## Work task
Transcribe only the last portion of the material: exactly the lines from the one with "Some of the words" through the end, inclusive.
━━━━━ Data to examine
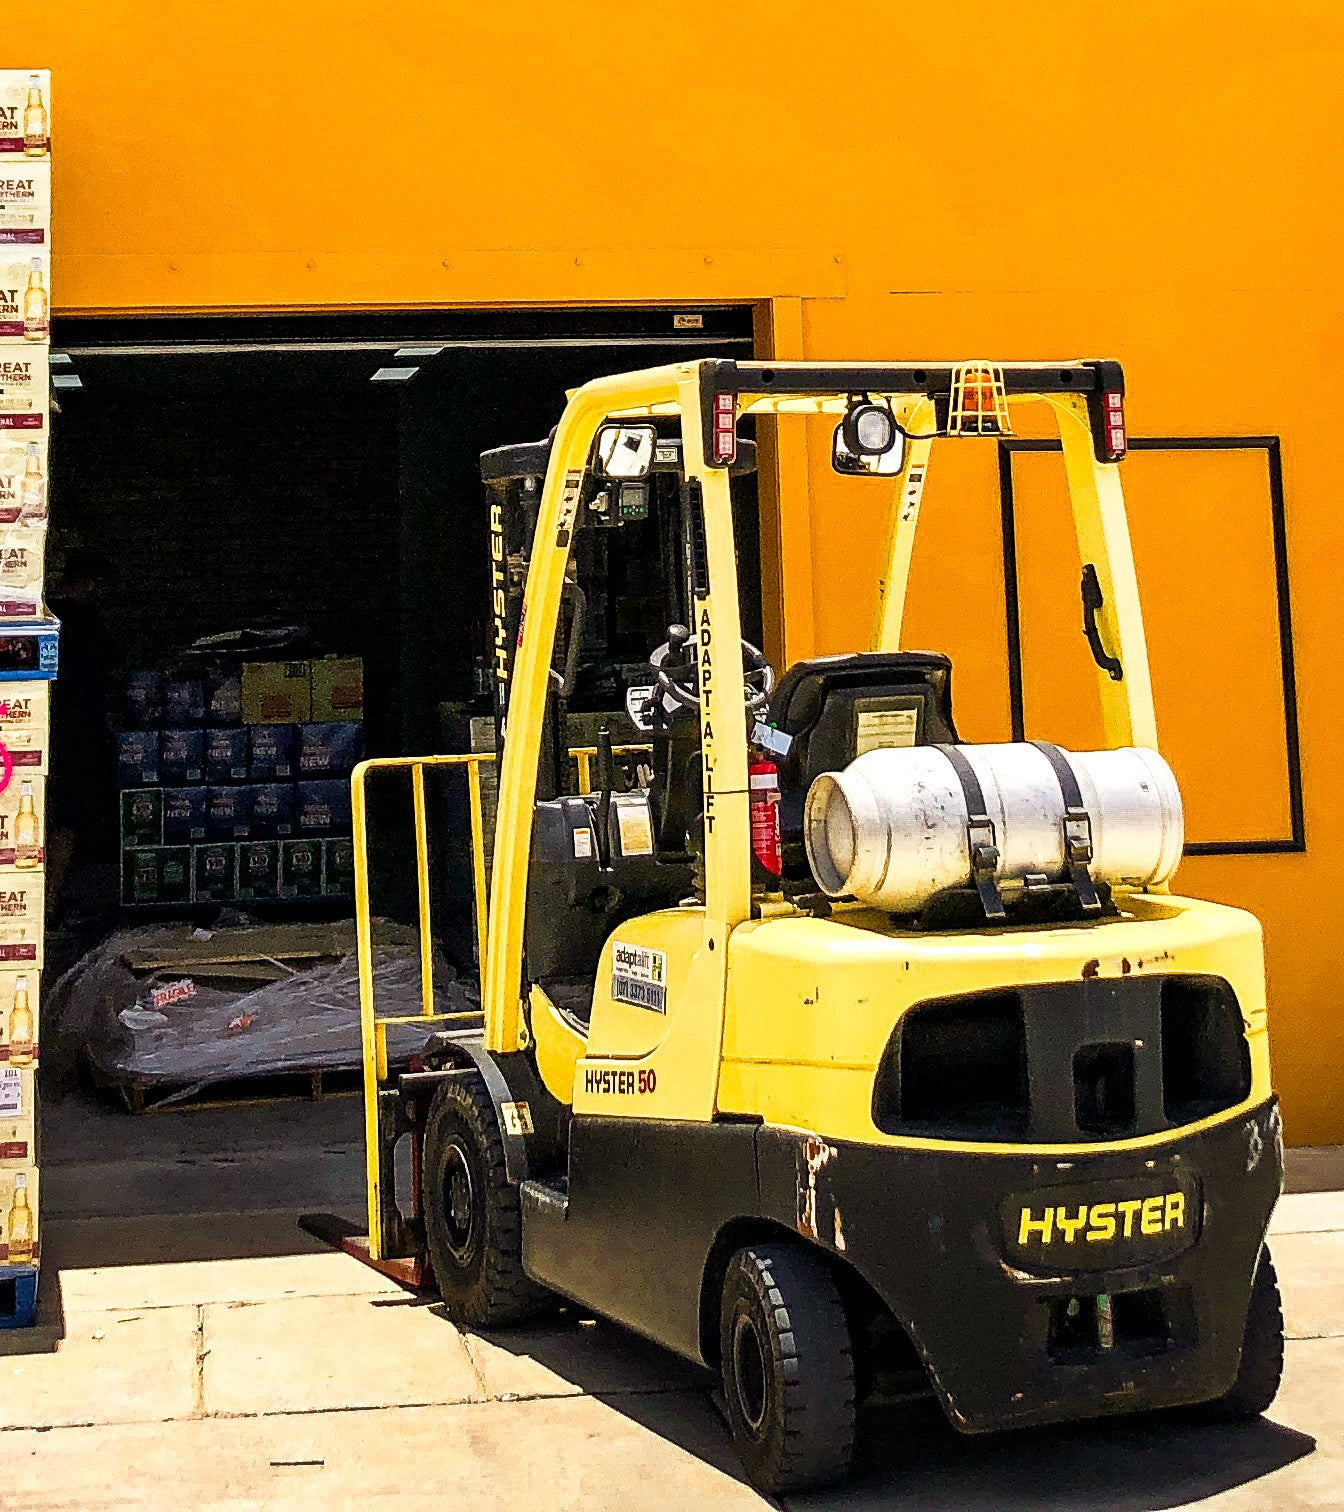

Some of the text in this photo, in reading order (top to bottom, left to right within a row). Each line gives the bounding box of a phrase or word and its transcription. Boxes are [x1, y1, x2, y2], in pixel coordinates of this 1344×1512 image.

[490, 504, 508, 680] HYSTER
[585, 1069, 656, 1094] HYSTER 50
[1018, 1191, 1185, 1245] HYSTER
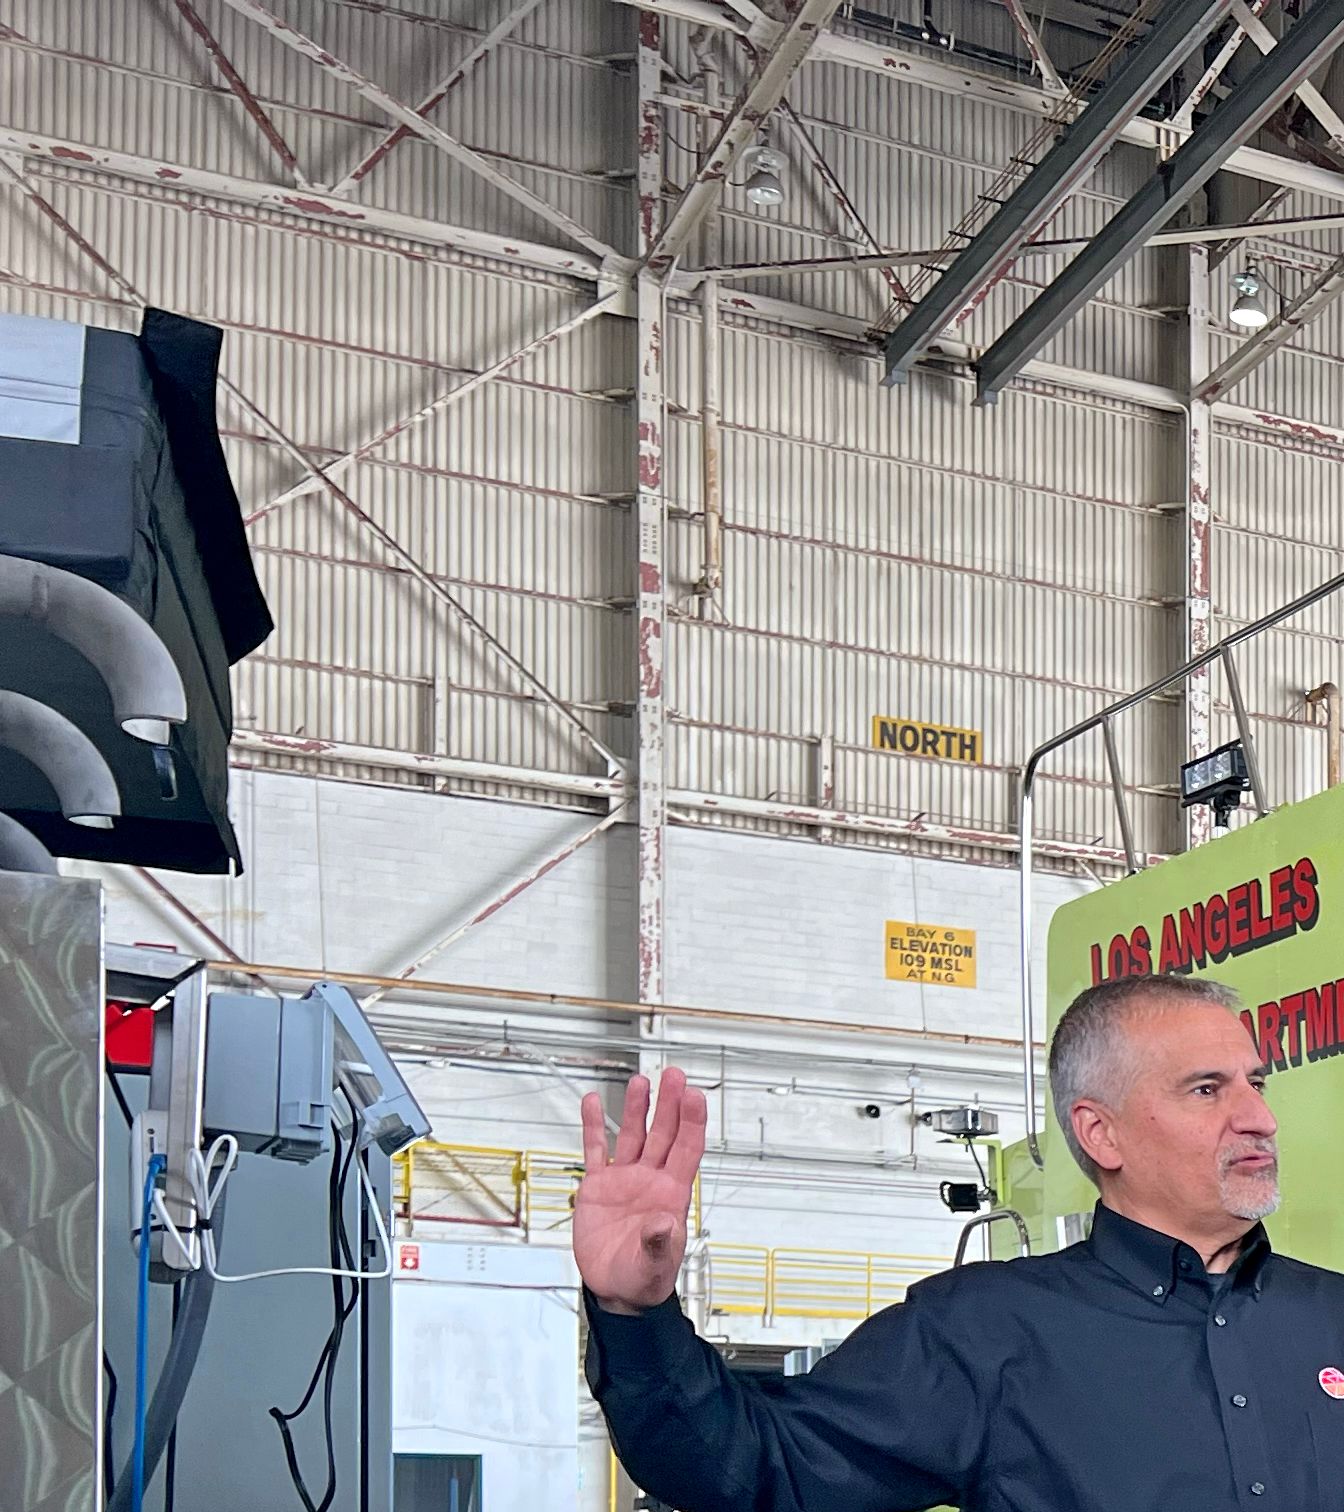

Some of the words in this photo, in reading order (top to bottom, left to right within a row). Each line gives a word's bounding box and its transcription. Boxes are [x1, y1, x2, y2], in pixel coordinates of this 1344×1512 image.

[880, 720, 977, 761] NORTH
[1090, 925, 1153, 988] LOS
[1158, 856, 1320, 976] ANGELES
[906, 926, 937, 939] BAY
[943, 931, 956, 942] 6
[889, 937, 973, 959] ELEVATION
[899, 952, 926, 968] 109
[930, 956, 964, 973] MSL
[906, 968, 927, 979] AT
━━━━━━━━━━
## Answer to this exercise
Some of the words in this photo, in reading order (top to bottom, left to right within a row). Each line gives a word's bounding box and its transcription. Boxes are [x1, y1, x2, y2], in pixel coordinates of this 1344×1512 image.

[880, 720, 977, 761] NORTH
[1090, 925, 1153, 988] LOS
[1158, 856, 1320, 976] ANGELES
[906, 926, 937, 939] BAY
[943, 931, 956, 942] 6
[889, 937, 973, 959] ELEVATION
[899, 952, 926, 968] 109
[930, 956, 964, 973] MSL
[906, 968, 927, 979] AT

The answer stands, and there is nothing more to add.